Ricardo Cravo Albin: Oh! As marchinhas...

Foi com esta mesma inflexão que batizei, há exatos 45 anos, o primeiro espetáculo no Rio (Sala Sidney Miller da Funarte) a perfilar a magia deste gênero musical tão arraigadamente ligado ao espírito e às ruas cariocas

Por O Dia

Rio - O título acima não é só uma exclamação suspirosa de saudade, mas quase um réquiem para as marchinhas de carnavais do passado. Foi com esta mesma inflexão que batizei, há exatos 45 anos, o primeiro espetáculo no Rio (Sala Sidney Miller da Funarte) a perfilar a magia deste gênero musical tão arraigadamente ligado ao espírito e às ruas cariocas. Compus roteiro e direção (cuja estrela era a cantora Marlene) em homenagem à amiga Eneida, cronista e militante política (personagem, aliás, de ‘Memórias do Cárcere’, de Graciliano Ramos), que me acompanharia, anos a fio, no Museu da Imagem e do Som.
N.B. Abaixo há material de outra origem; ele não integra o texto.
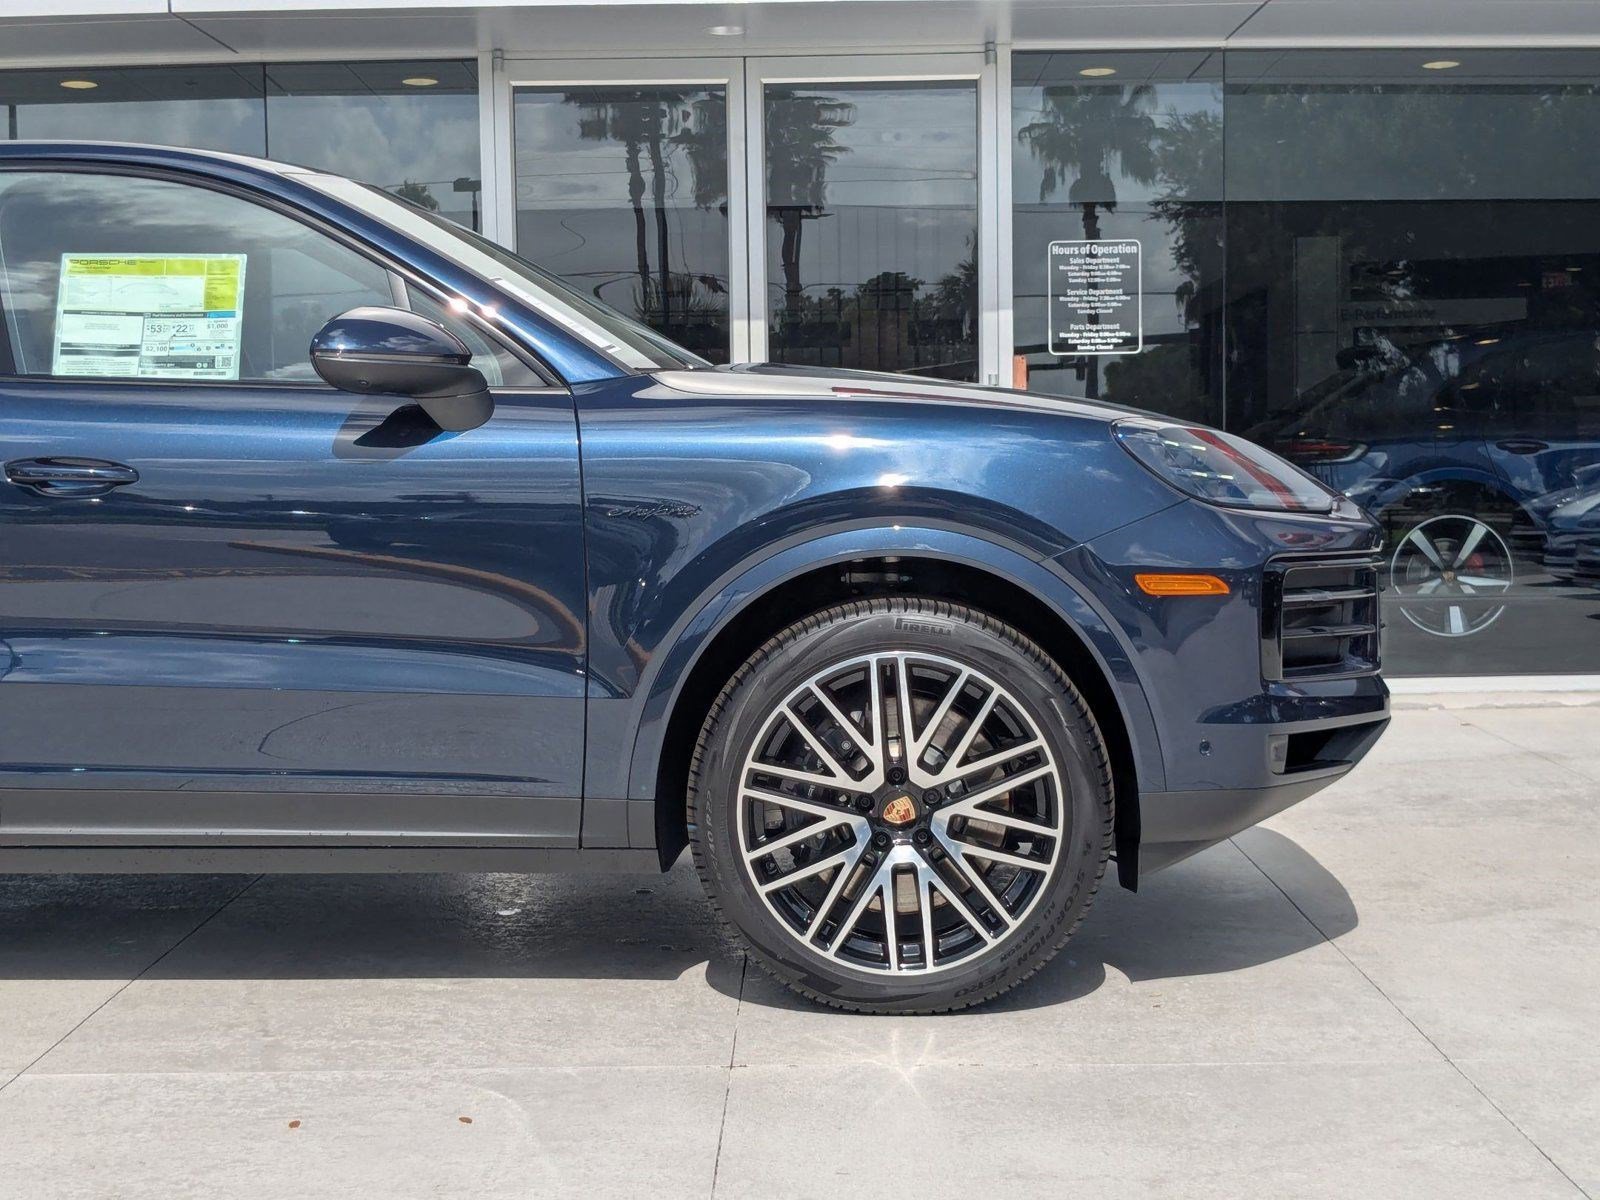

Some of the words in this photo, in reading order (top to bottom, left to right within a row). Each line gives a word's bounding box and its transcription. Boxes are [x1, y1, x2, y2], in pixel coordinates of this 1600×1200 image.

[1052, 245, 1079, 255] Hours
[1080, 244, 1090, 254] of
[1091, 244, 1137, 256] Operation
[1085, 257, 1120, 265] Department
[1088, 288, 1123, 297] Department
[150, 324, 162, 333] 53
[176, 324, 188, 333] 22
[1085, 323, 1120, 332] Department
[146, 345, 168, 353] $2,100
[895, 618, 952, 636] PIRELLI
[1017, 870, 1086, 966] SCORPION
[954, 967, 1009, 998] ZERO
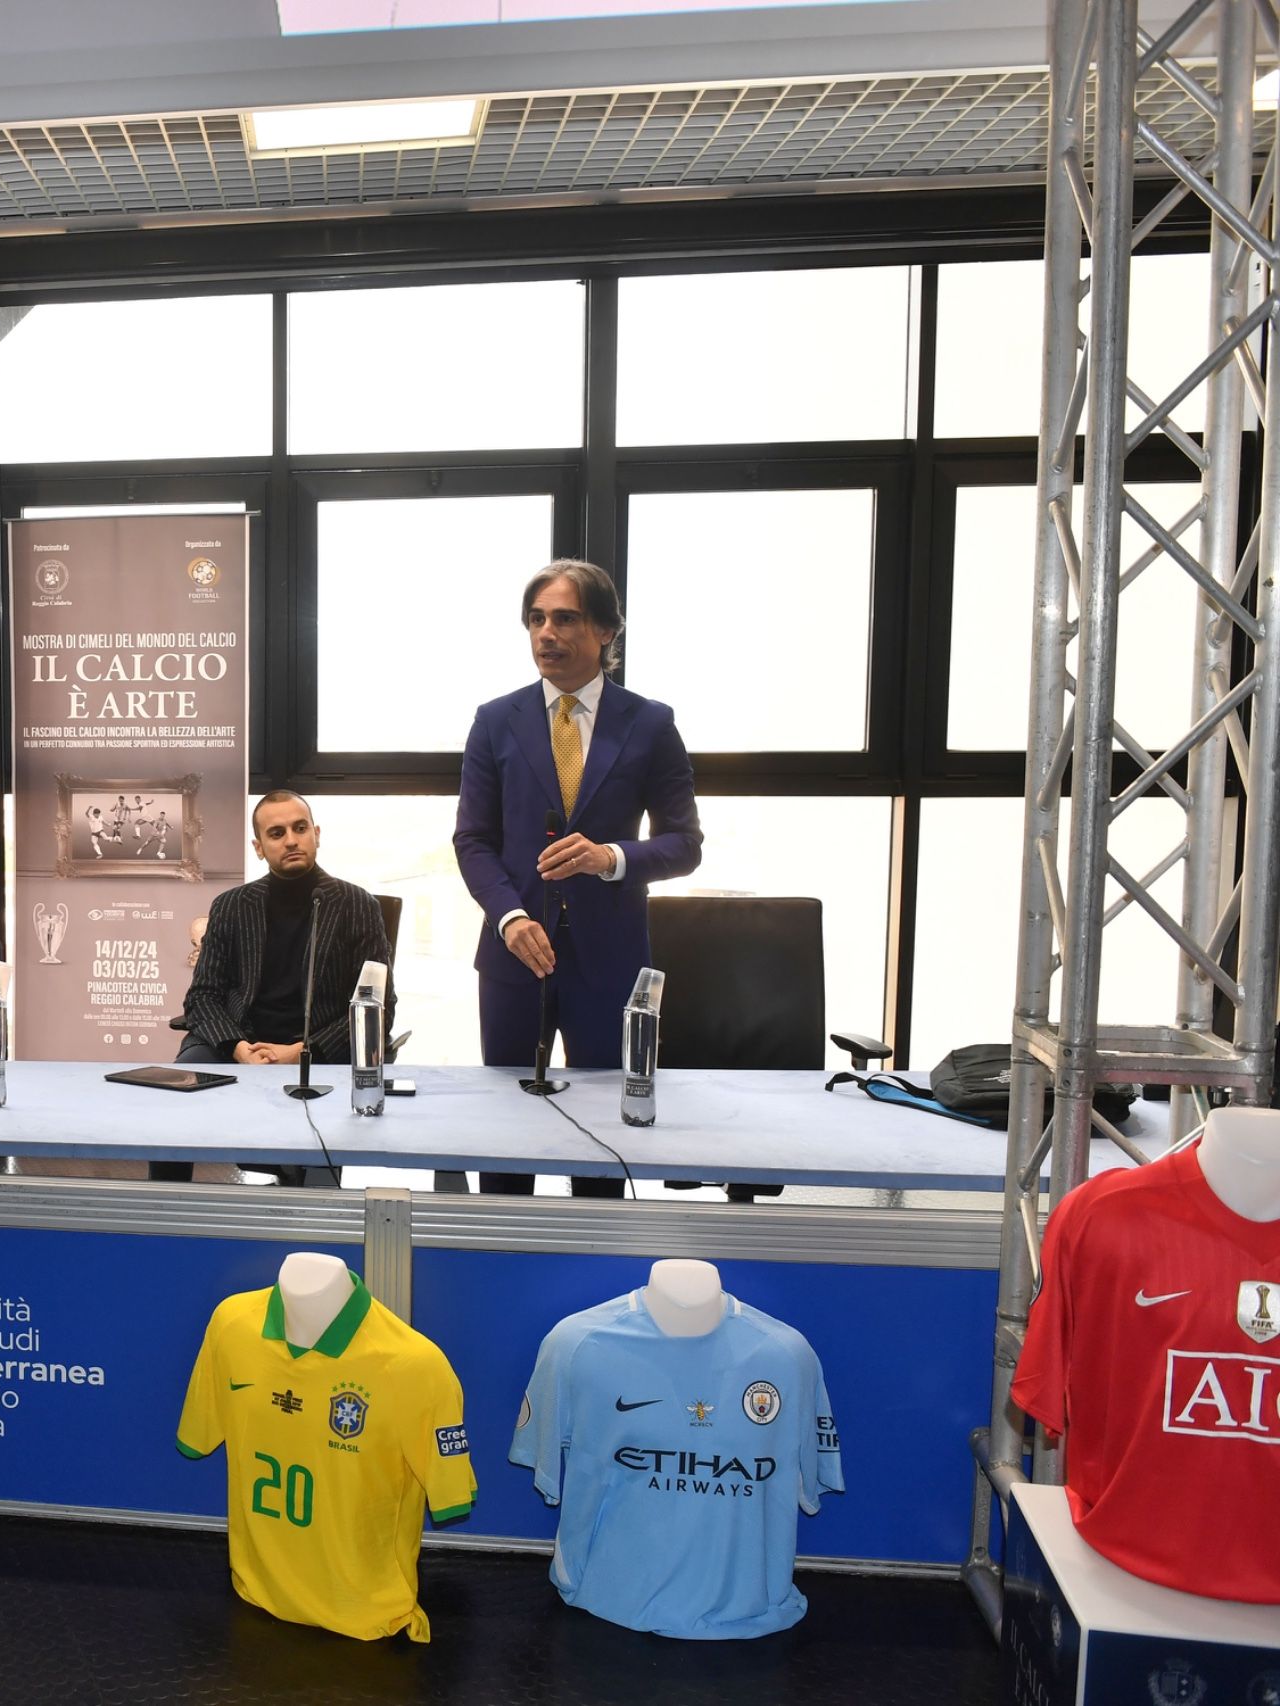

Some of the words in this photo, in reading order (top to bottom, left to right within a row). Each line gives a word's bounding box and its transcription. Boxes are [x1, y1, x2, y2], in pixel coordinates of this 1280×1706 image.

[23, 634, 64, 649] MOSTRA
[65, 634, 76, 649] DI
[79, 633, 113, 649] CIMELI
[115, 633, 135, 648] DEL
[136, 632, 176, 648] MONDO
[178, 632, 198, 648] DEL
[199, 632, 237, 648] CALCIO
[32, 655, 67, 682] IL
[76, 653, 228, 682] CALCIO
[67, 683, 90, 719] È
[96, 690, 198, 719] ARTE
[23, 727, 31, 738] IL
[31, 726, 62, 738] FASCINO
[63, 726, 78, 738] DEL
[79, 726, 106, 738] CALCIO
[107, 726, 146, 738] INCONTRA
[147, 726, 158, 737] LA
[159, 726, 196, 737] BELLEZZA
[197, 725, 236, 737] DELL'ARTE
[39, 740, 65, 748] PERFETTO
[94, 740, 105, 748] TRA
[105, 740, 132, 748] PASSIONE
[133, 740, 160, 748] SPORTIVA
[160, 740, 168, 748] ED
[168, 740, 206, 748] ESPRESSIONE
[206, 739, 235, 748] ARTISTICA
[95, 940, 158, 959] 14/12/24
[92, 960, 160, 979] 03/03/25
[87, 981, 139, 994] PINACOTECA
[140, 982, 168, 995] CIVICA
[90, 993, 121, 1005] REGGIO
[122, 994, 164, 1006] CALABRIA
[1251, 1319, 1272, 1329] FIFA
[1175, 1361, 1280, 1432] AI
[438, 1429, 467, 1441] Cree
[328, 1440, 361, 1454] BRASIL
[441, 1439, 469, 1454] gran
[614, 1446, 777, 1482] ETIHAD
[252, 1451, 314, 1528] 20
[648, 1476, 753, 1497] AIRWAYS
Ela era a secretária-geral do Conselho Superior de MPB do MIS e autora do livro ‘História do Carnaval’.

Pois bem, agora, só agora, levanta-se uma polêmica tão inútil, porque sem fundamentos históricos, quanto preconceituosa e injusta, já que assesta baterias contra marchinhas maliciosas (como se dizia antigamente, de ‘double sens’, ou duplo sentido) que várias gerações de brasileiros cantaram e consagraram.

Alegando-se uma razão que, convenhamos, já anda ultrapassando os limites do bom senso, o “politicamente correto”, alguns blocos de rua apontam dedos acusadores contra marchinhas célebres como ‘O teu cabelo não nega’ (o sucesso de 1931, 31!, que ejetou para o sucesso Lamartine Babo, o Rei das Marchinhas), ‘Maria Sapatão’, ‘Cabeleira do Zezé’ ou ‘Mulata Bossa Nova’, as três de João Roberto Kelly (já nos anos 60).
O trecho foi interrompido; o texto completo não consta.